Members of the subcommittees were especially interested in tapping apprenticeships — which are rather new in the cybersecurity and informational technology sector — as well as dual-enrollment programs, boot camps, student internships and other nontraditional education programs that result in students earning in-demand credentials and skills.
“It’s a bit of a culture change,” said David Jarvis, security and CIO lead at the IBM Institute for Business Value.
Focused on nontraditional students
One strategy to increase the pool of employees is to focus on diversity. Women comprise about 11 percent of the global cybersecurity workforce, and African-Americans and Hispanics make up about 12 percent of employees, according to industry reports.
“We’re leaving talent at the table,” said Rep. Cedric Richmond (D-Louisiana).
Several panelists acknowledged the shortfall in diversity, but cited various efforts to improve that. R. Scott Ralls, president of Northern Virginia Community College (NVCC), highlighted his college’s efforts to reach into K-12. But he added that community colleges in general must be more aggressive in getting the message out to women and minorities about cybersecurity career opportunities.
“We have to change our marketing materials,” Ralls said, and develop more dual-enrollment opportunities for students, as well as establish academic pathways for students that can serve as “ladders” to careers in the field. Colleges can also hire more women and minority instructors to serve as roles models, as well as foster apprenticeships and other hands-on work experiences with such role models in the workplace, he said.

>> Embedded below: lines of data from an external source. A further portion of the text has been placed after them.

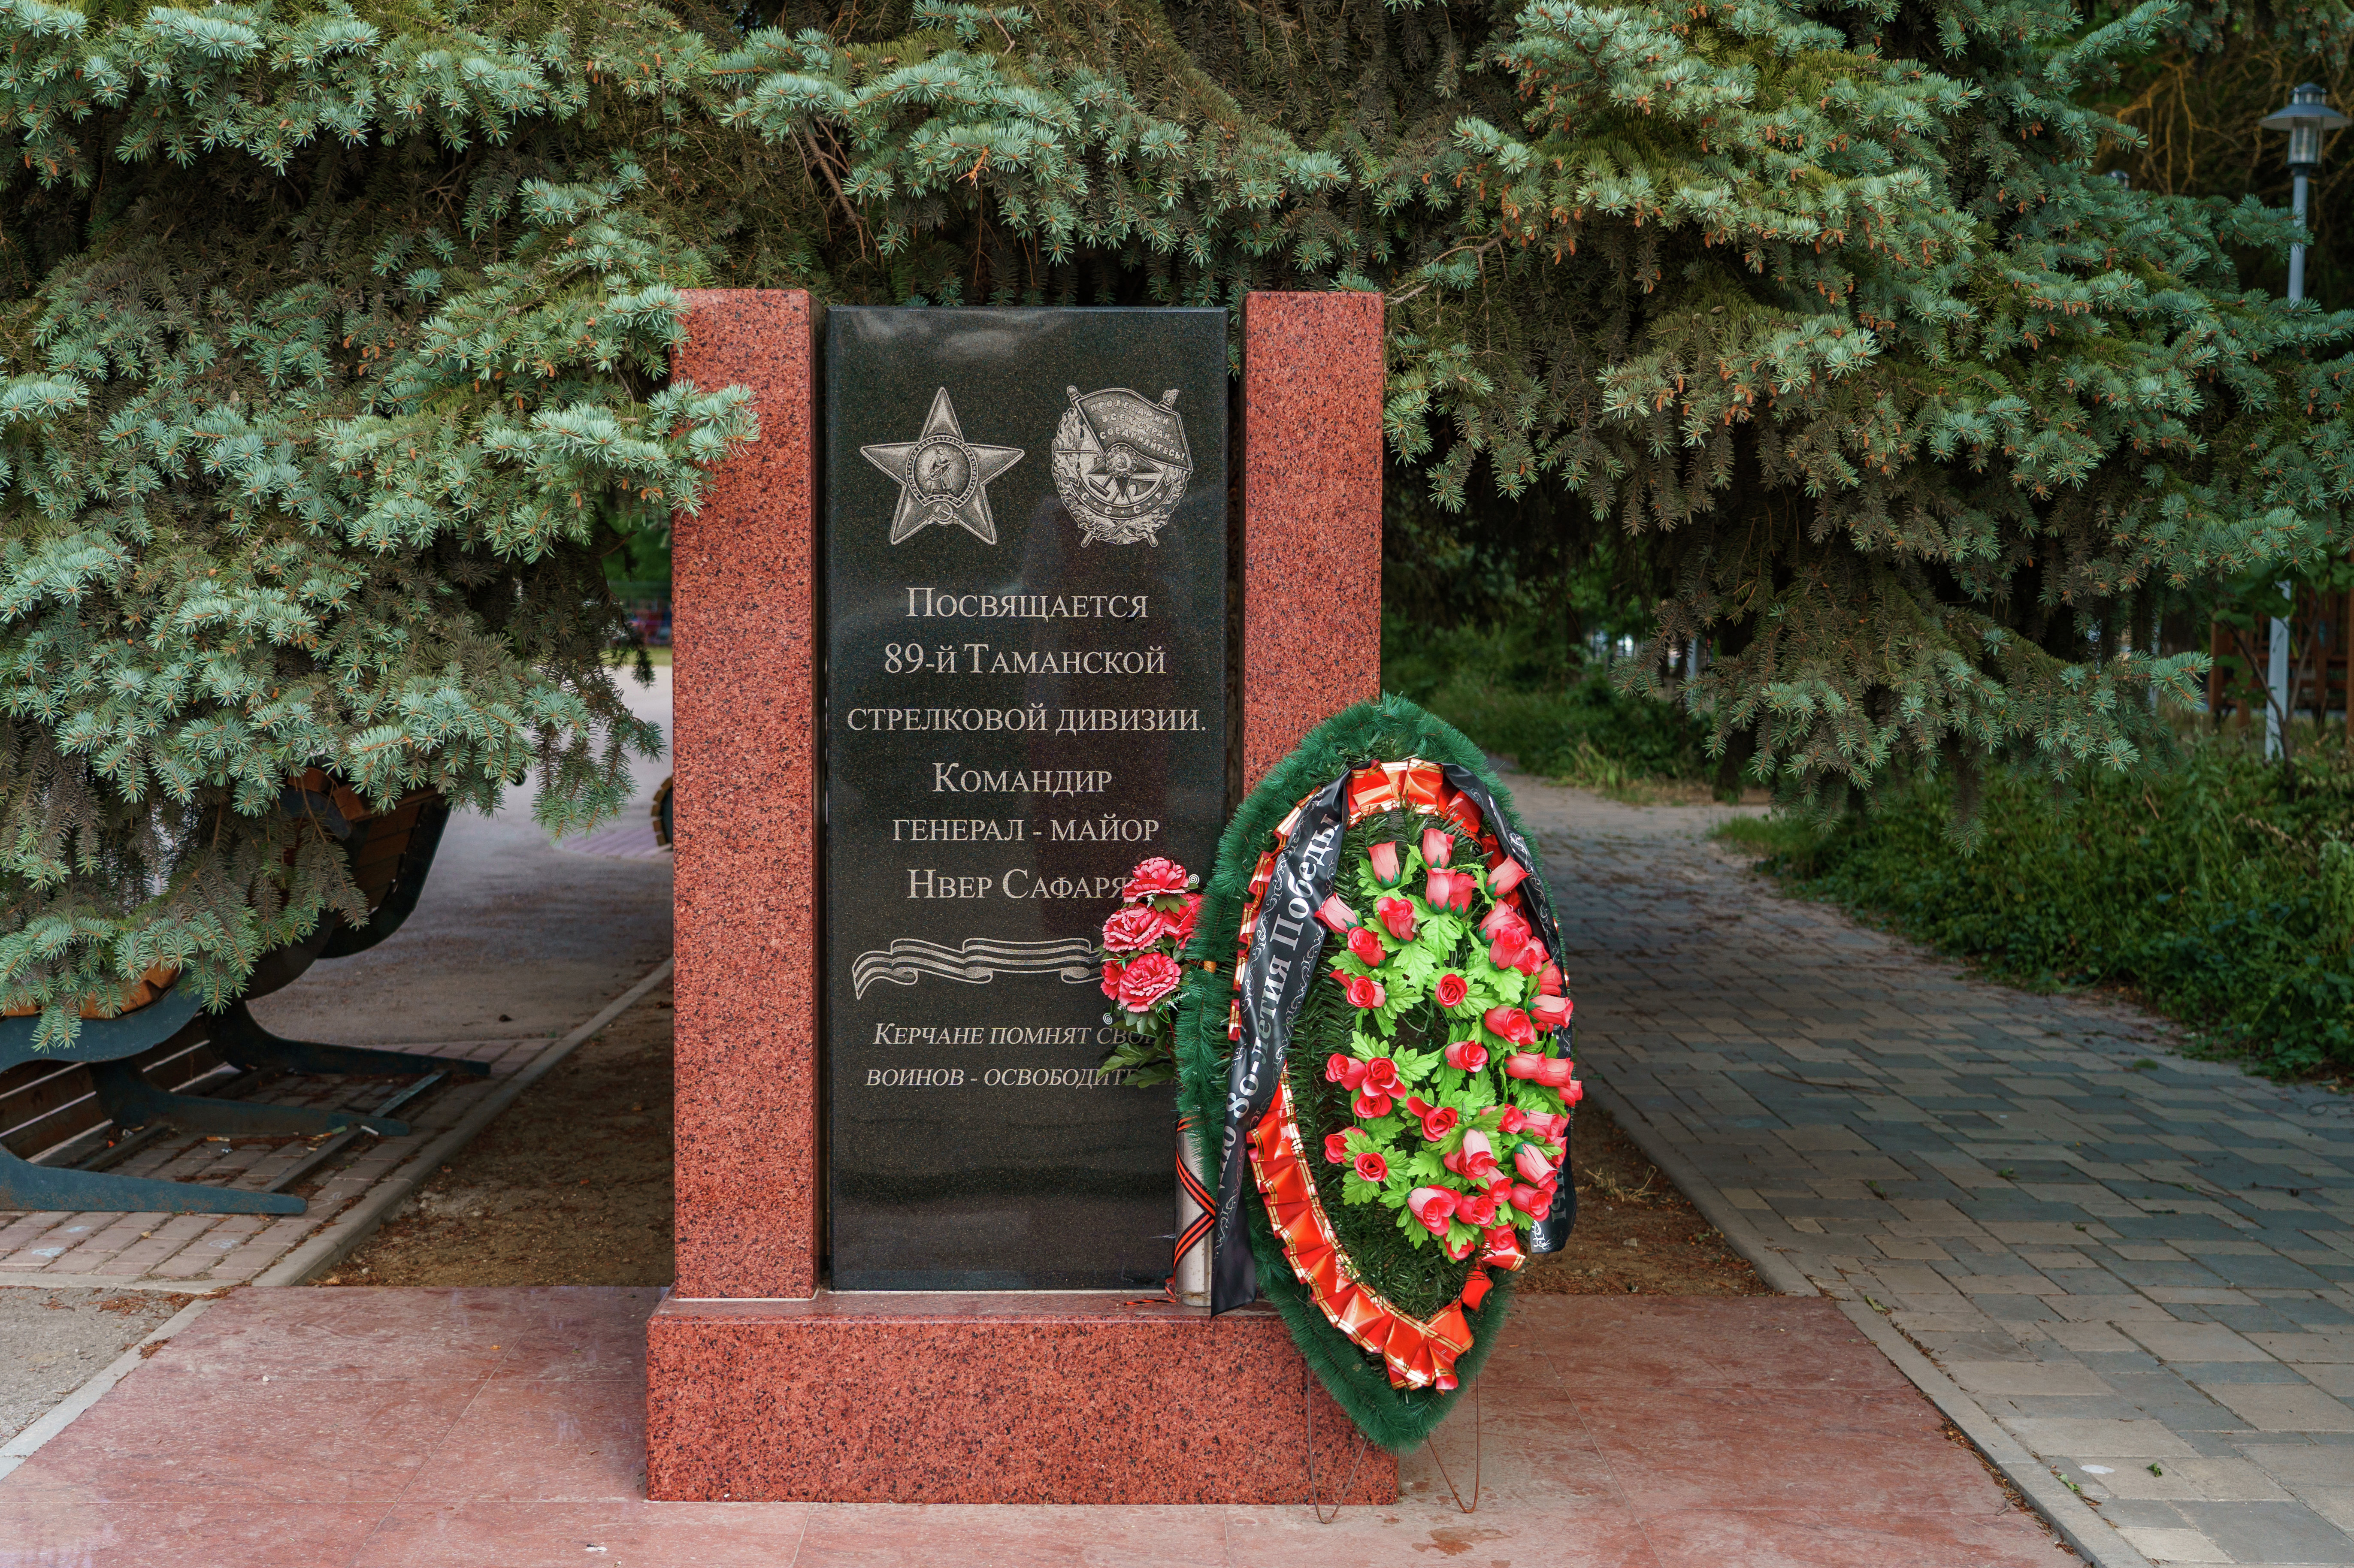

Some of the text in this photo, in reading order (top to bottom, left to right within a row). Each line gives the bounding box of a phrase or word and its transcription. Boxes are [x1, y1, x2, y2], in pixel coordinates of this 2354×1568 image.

[1089, 399, 1170, 426] ПРОЛЕТАРИИ
[1101, 412, 1174, 444] ВСЕХ СТРАН,
[917, 438, 935, 449] ВСЕХ
[1099, 426, 1186, 461] СОЕДИНЯЙТЕСЬ!
[924, 495, 959, 504] СССР
[1002, 868, 1137, 899] САФАРЯ
[1226, 813, 1342, 1119] 80-летия Победы
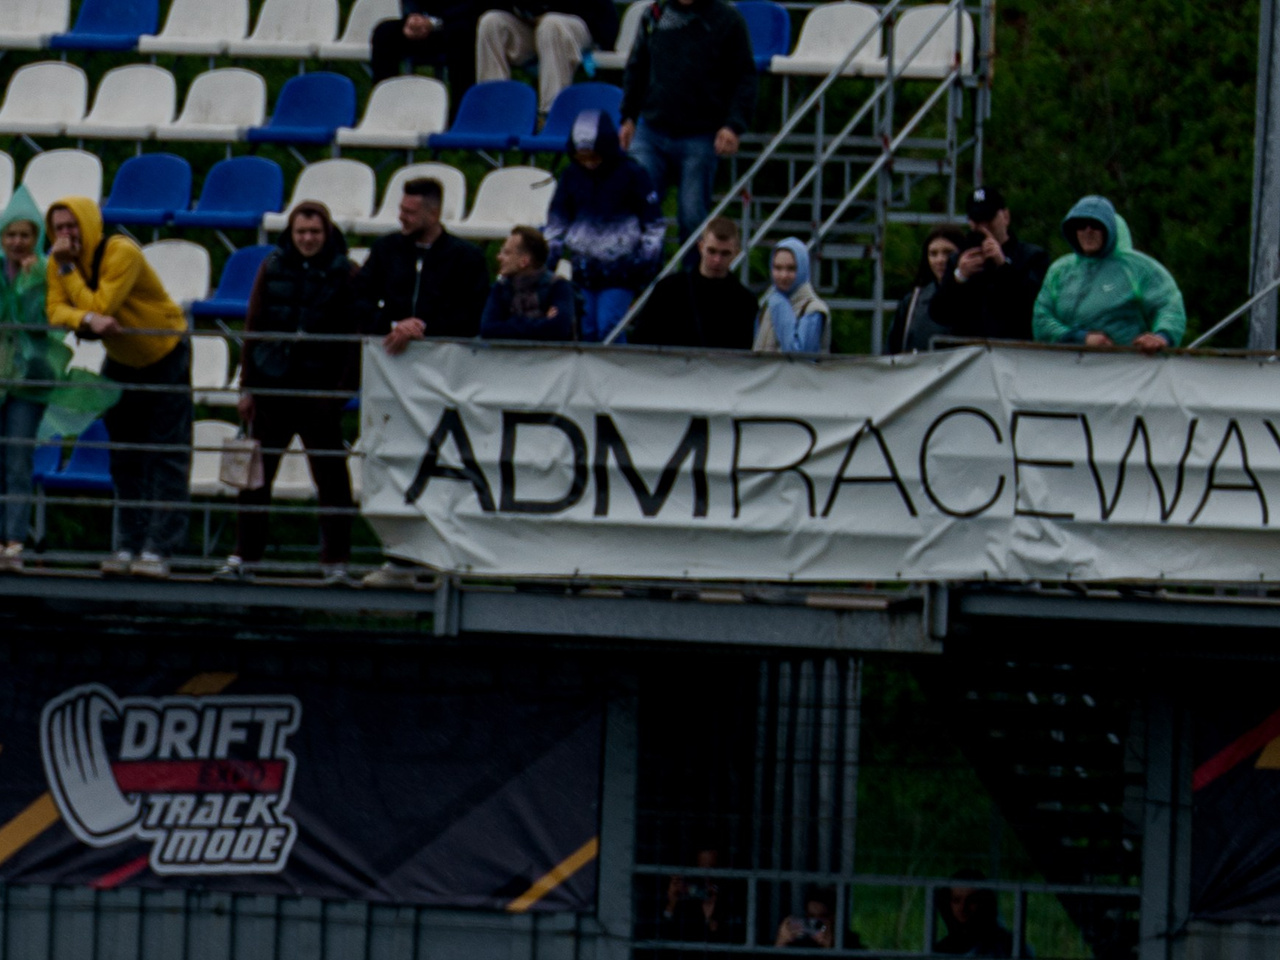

Ralls highlighted several efforts at NVCC that include partnerships with defense contractor Northrup Grumman and Amazon Web Services, which offers secure cloud services.
Ralls also noted that allowing students to use federal Pell grants to cover certain short-term certificates and credentials could also help students and incumbent employees attain needed skills or upgrades for jobs in cybersecurity and other in-demand industries.
NVCC, which is located in the suburbs of Washington, D.C., also focuses on helping military veterans transition to college and careers.
“It’s such a rich resource,” said Ralls, who noted that his college serves about 7,000 veterans.
NVCC is not waiting for K-12 students and veterans to come to campus, rather the college is pro-active in connecting with various organizations, Ralls said. For example, NVCC connects with military employees before they transition out of the service so they can align credits for work experience and help them select accelerated programs so they can earn credentials quicker.
Employers such as IBM also are exploring innovative ways to encourage students to explore cybersecurity careers. IBM’s Jarvis noted the company’s P-TECH program, which is a dual-enrollment program. He added that the company also plans to hire about 2,000 military veterans over the next few years, citing their invaluable work experience.
“They are an increasingly important source of talent,” Jarvis said of veterans.
Skilled faculty, too
A lack of skilled cybersecurity instructors is also a growing problem, said Stephen Cambrone, associate vice chancellor at Texas A&M University. His university also has started a boot camp for high school teachers to teach them about the basics of the industry and to raise awareness of career opportunities for their students.